Two links that I saw a while back that might be of interest: http://www.ribbonsoft.com/dxflib.html
Mmm, good find. That's exactly the type of thing needed.
I downloaded the code and browsed through it. It looks like to create a dxf2svg converter one would need to do this:
Create a sub-class of DL_CreationInterface called something like SvgCreator.
SvgCreator's job would be to build up a tree of SVG elements from the DXF data as parsed by this library. To do this, in SvgCreator implement all of the virtual methods in DL_CreationInterface - addCircle(), addLine(), addKnot(), etc.

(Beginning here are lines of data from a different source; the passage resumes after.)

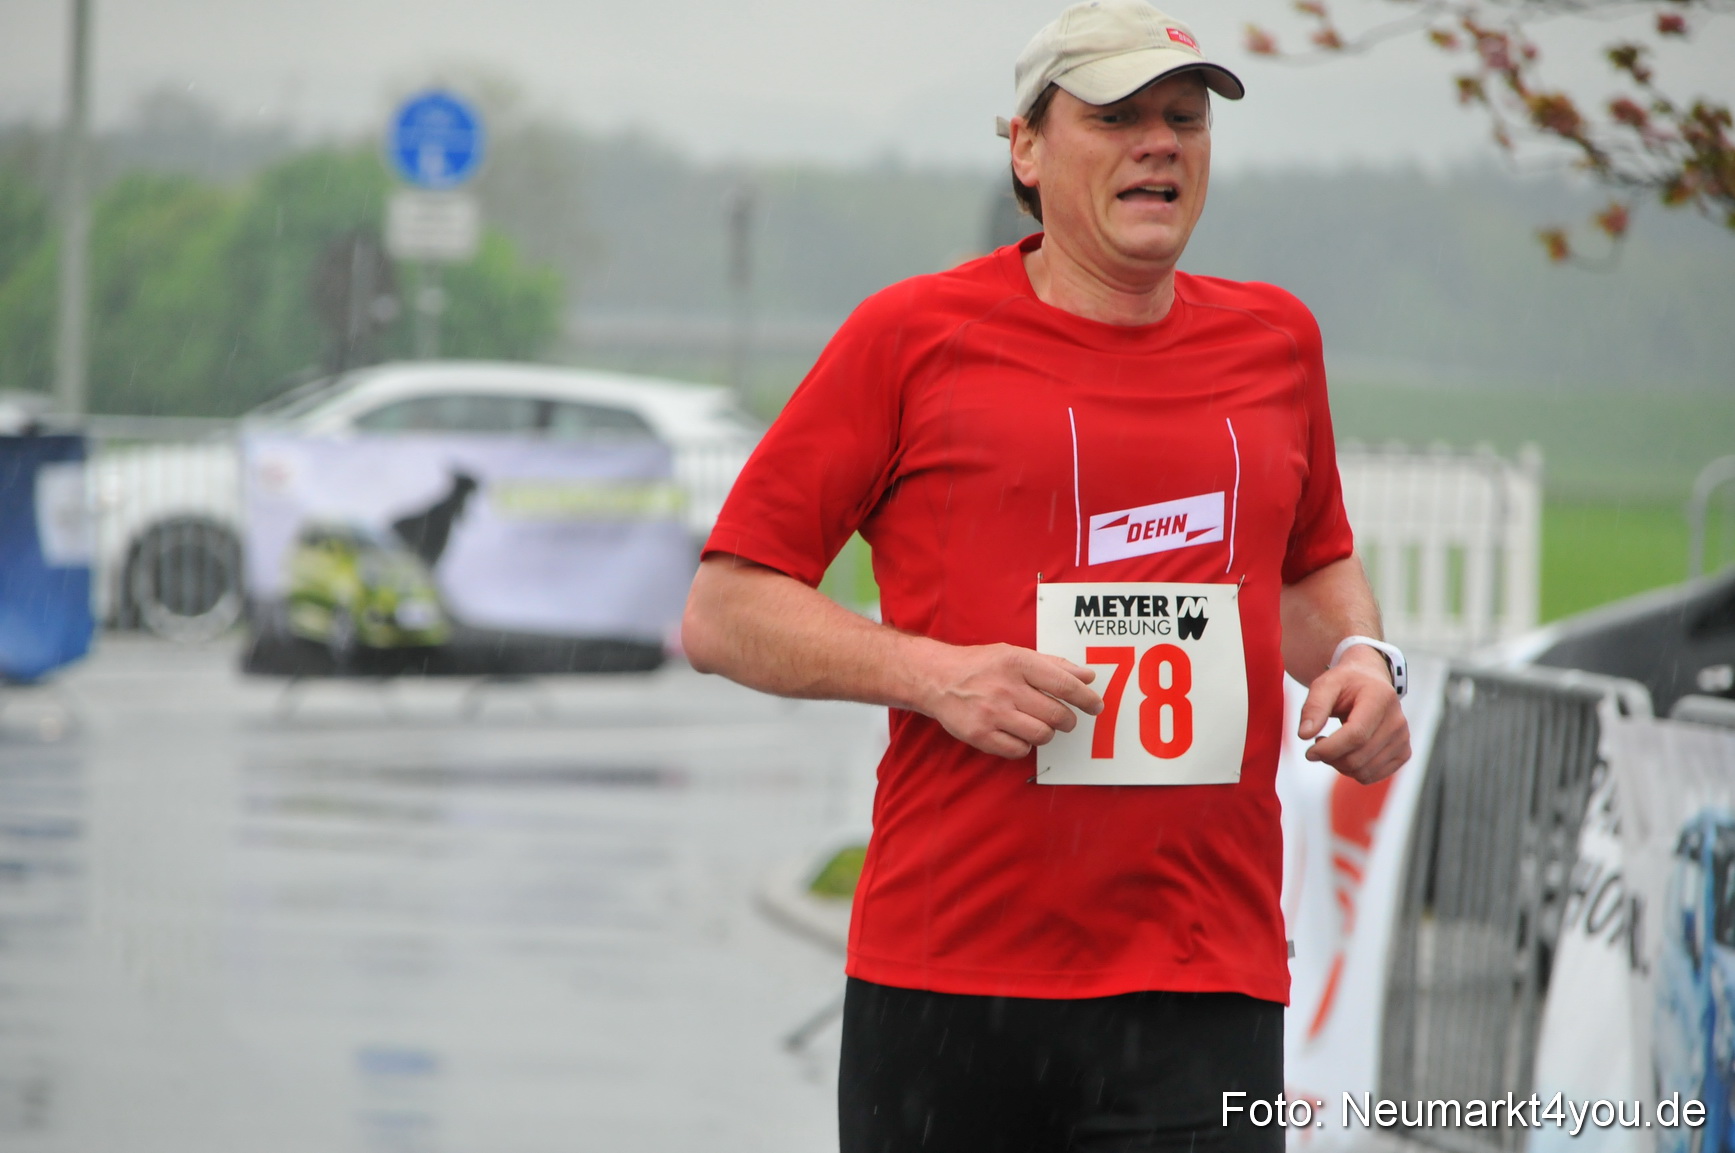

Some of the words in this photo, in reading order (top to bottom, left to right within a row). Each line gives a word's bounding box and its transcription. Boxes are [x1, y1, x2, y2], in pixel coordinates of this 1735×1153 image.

[1126, 513, 1187, 543] DEHN
[1074, 595, 1170, 617] MEYER
[1074, 619, 1171, 635] WERBUNG
[1085, 643, 1193, 759] 78
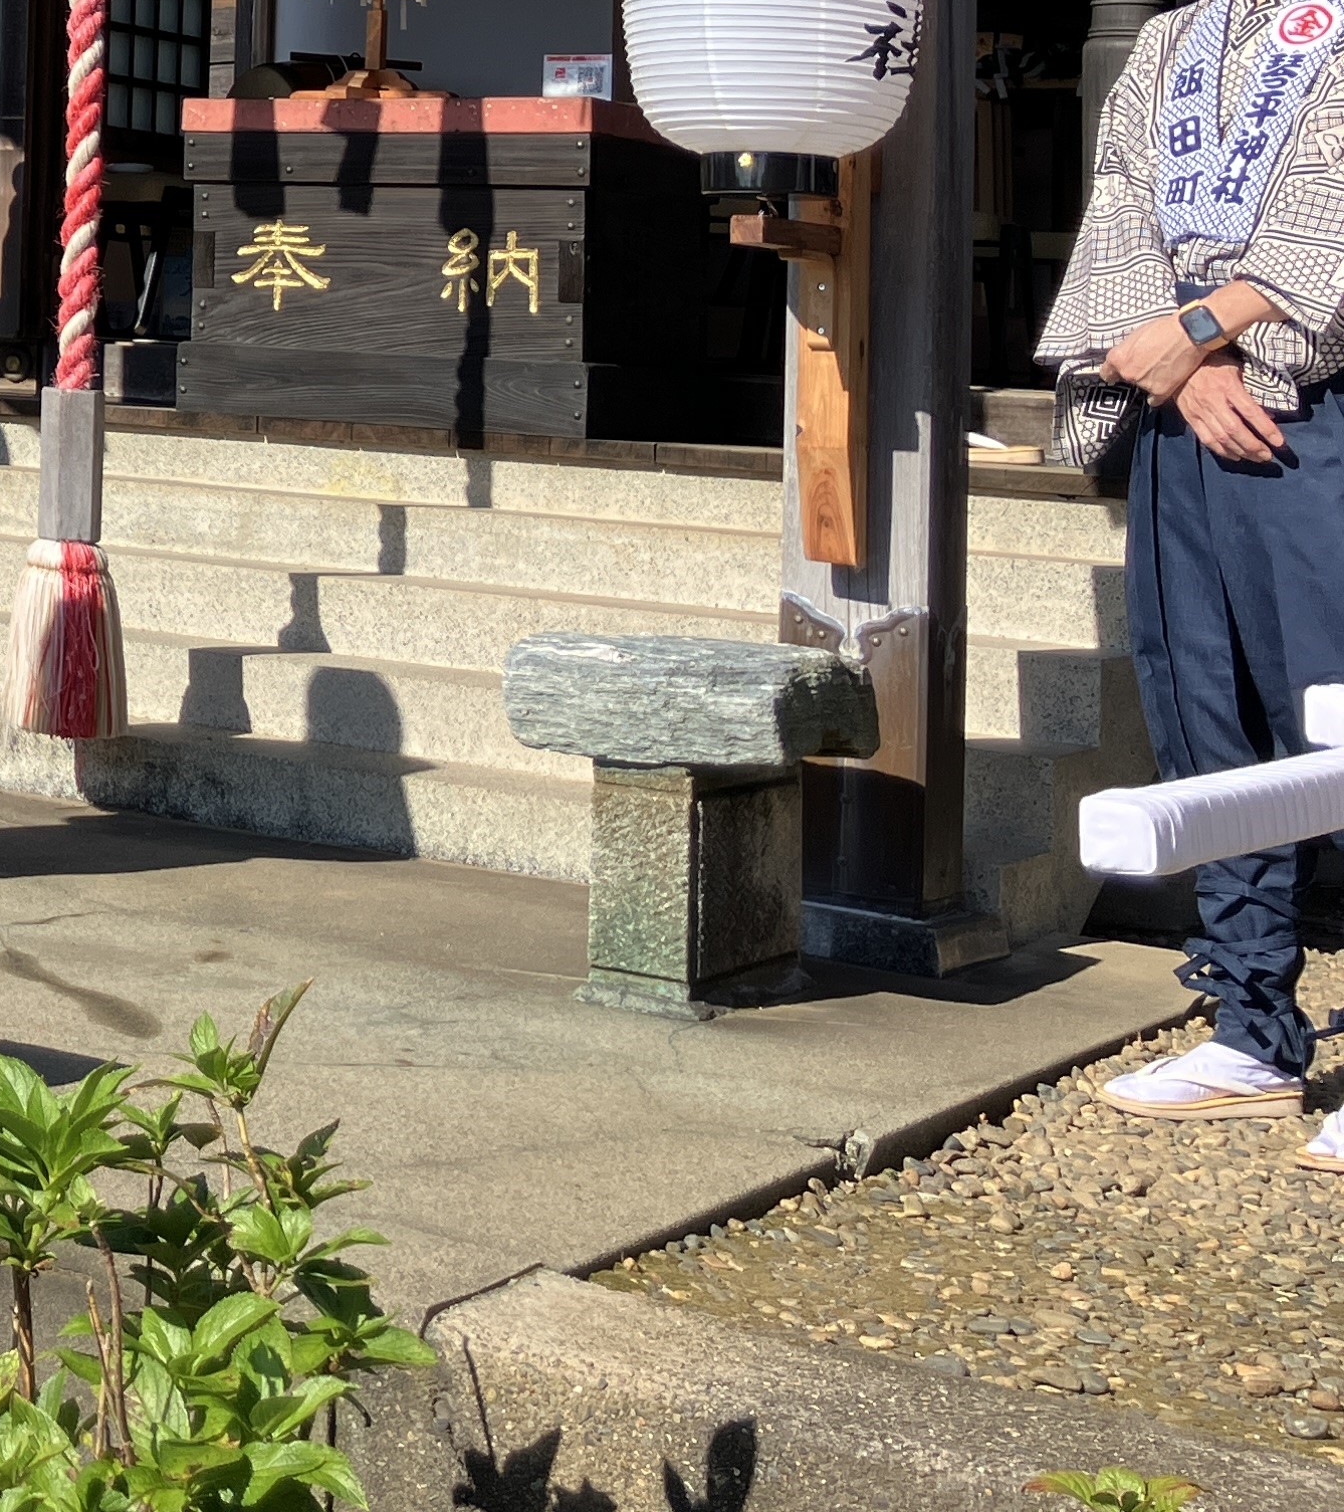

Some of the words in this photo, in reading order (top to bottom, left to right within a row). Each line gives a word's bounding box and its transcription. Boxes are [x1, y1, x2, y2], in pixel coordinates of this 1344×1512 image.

[1288, 9, 1323, 38] 金
[1165, 57, 1205, 206] 飯田町
[1211, 53, 1306, 205] 琴平神社
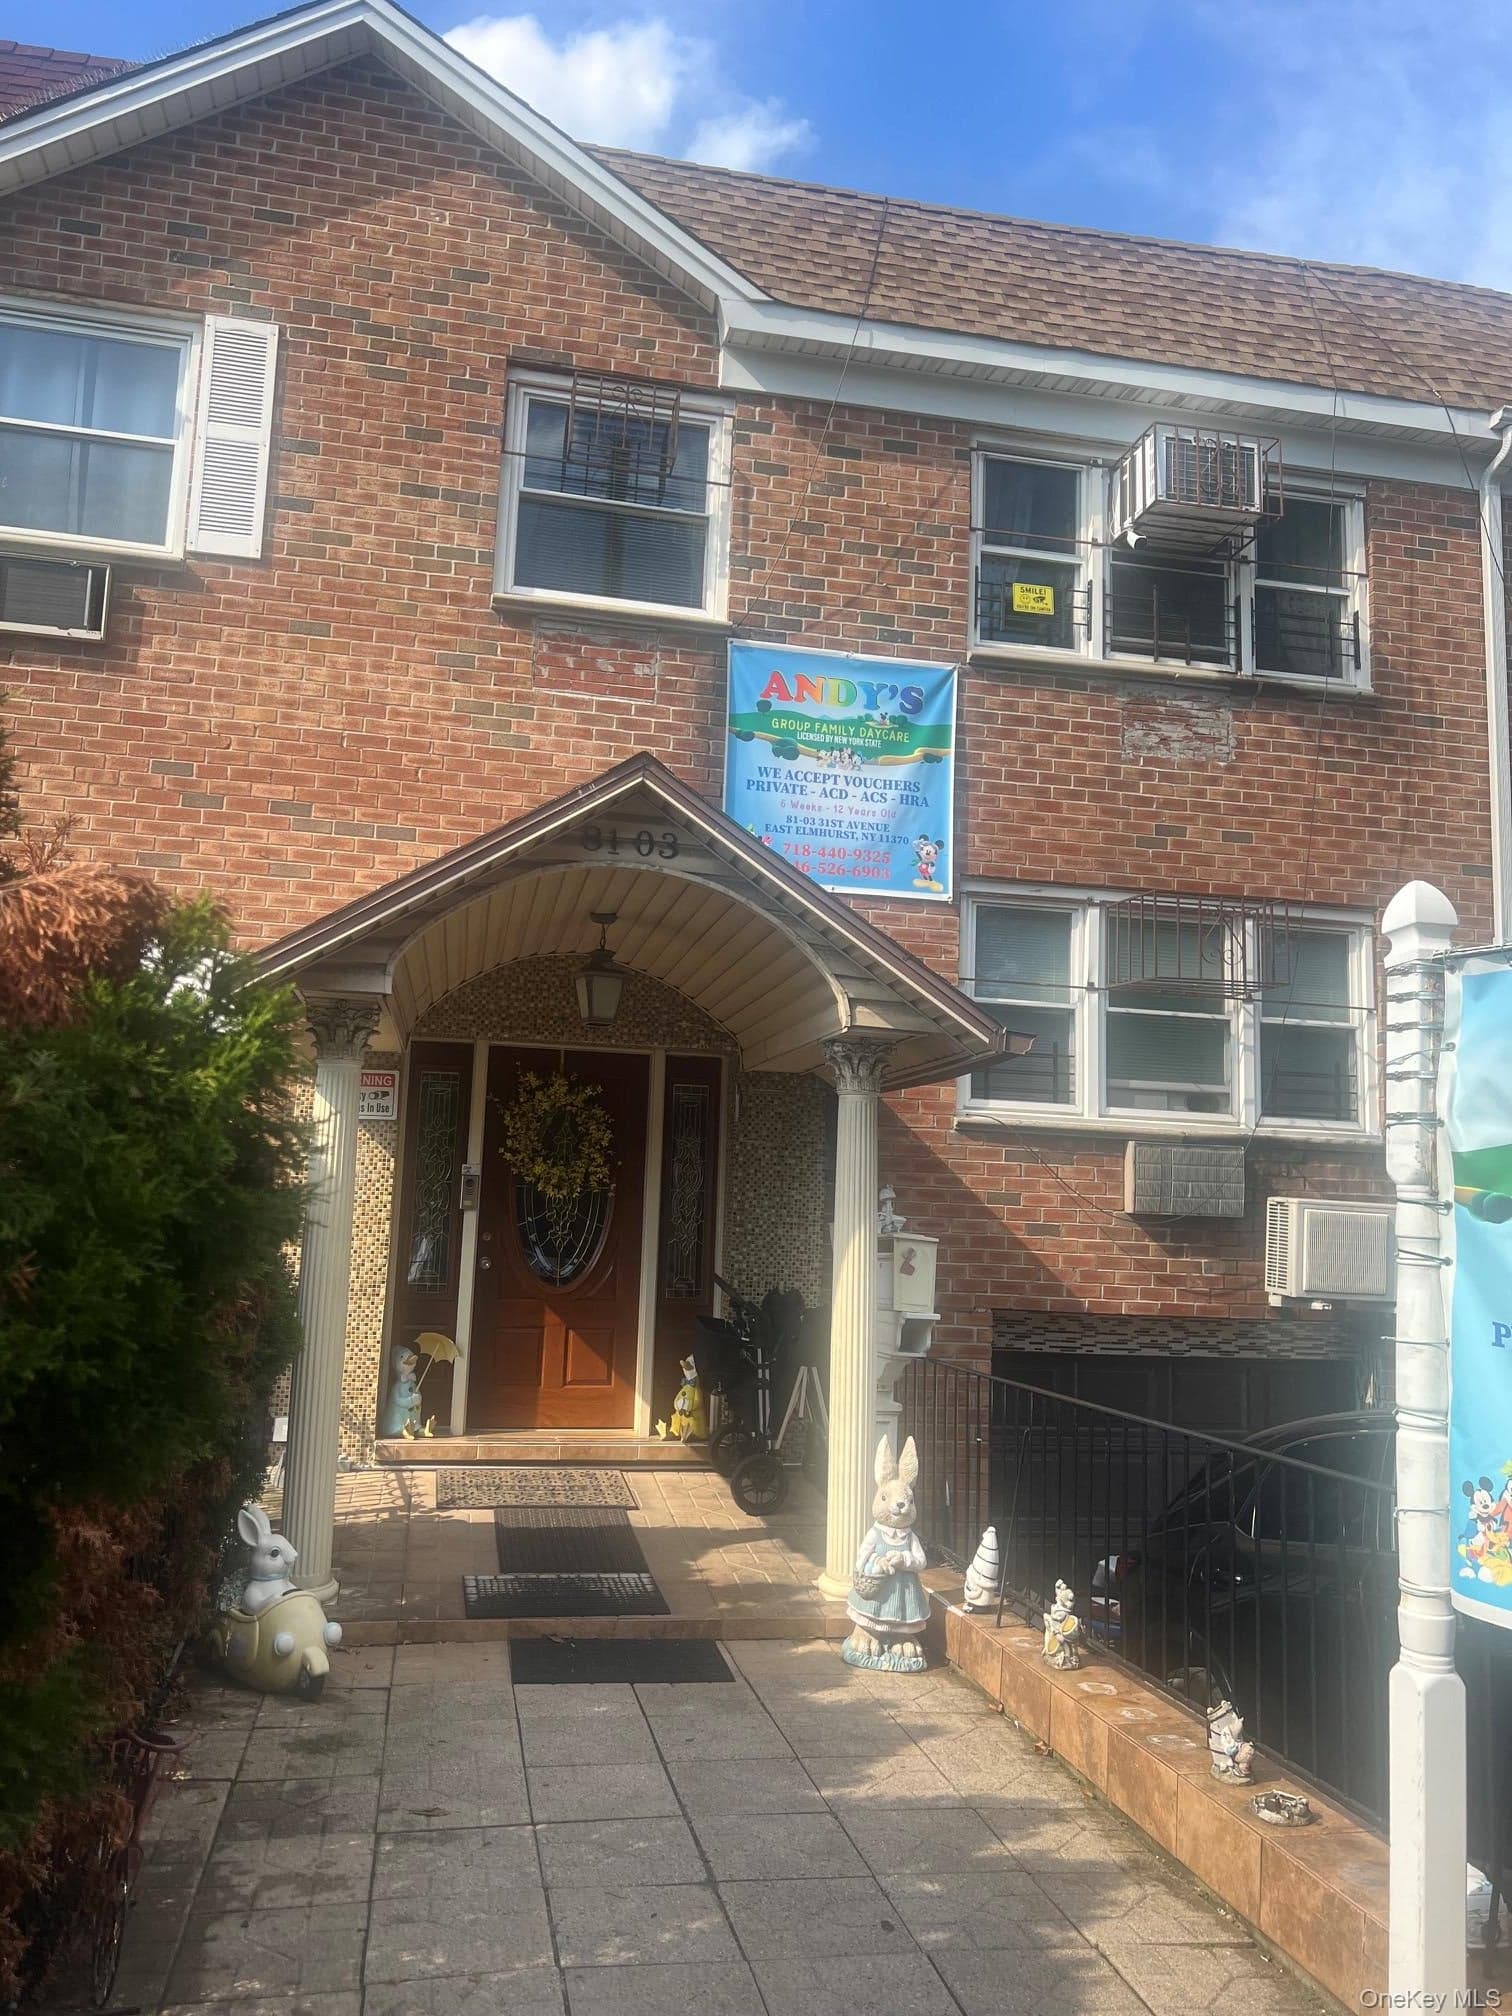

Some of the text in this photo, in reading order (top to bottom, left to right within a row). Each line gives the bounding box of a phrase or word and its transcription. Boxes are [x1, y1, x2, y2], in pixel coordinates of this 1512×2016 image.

[760, 670, 924, 715] ANDY'S
[772, 718, 910, 743] GROUP FAMILY DAYCARE
[797, 732, 882, 748] LICENSED BY NEW YORK STATE
[758, 767, 920, 792] WE ACCEPT VOUCHERS
[746, 779, 808, 796] PRIVATE
[819, 787, 848, 800] ACD
[860, 791, 887, 803] ACS
[900, 794, 929, 808] HRA
[789, 800, 822, 813] Weeks
[834, 805, 845, 814] 12
[848, 806, 877, 818] Years
[881, 808, 897, 819] Old
[765, 824, 909, 845] EAST ELMHURST, NY 11370
[786, 815, 890, 833] 81-03 31ST AVENUE
[783, 843, 892, 865] 718-440-9325
[361, 1075, 392, 1085] NING
[377, 1103, 389, 1113] Use

Each of these routines would need to create the corresponding SVG element. I.e., in addCircle(DL_CircleData), you'd convert the contents of the DL_CircleData structure into SVG data and add it to your SVG tree.
The next question is, how do you build the SVG tree? This is basically just a data structure to contain XML data, so you could probably use some existing XML library to do it. There is also some SVG-specific code out there you could look at reusing, such as Cairo, librsvg, or even Inkscape itself, in the src/xml directory. (Anyone have a suggestion for which lib would be best to use?)
Finally, given the built-up tree, you need code to write it out to an SVG file. Presumably, whatever code you've selected for building the XML tree will include some sort of writer function, so in theory you can just call that, and you're done. :-)
So to recap, this looks pretty straightforward. To code it you'll need to be moderately comfortable with C++. You'll need to create one class, and hook two libraries together. You'll need to create a makefile for it, and set up the usual packaging stuff too, but this is all pretty straightforward. I think this'd be a 2-weekend project for someone with good C++ skills, and perhaps thrice that (but an excellent learning project) for a C++ newbie.
Anyway, wish I had time to do more than just give advice, but I hope this helps. This looks totally do-able, it just needs a bit of coding time. It'd sure be handy, and I bet it'd get used pretty widely.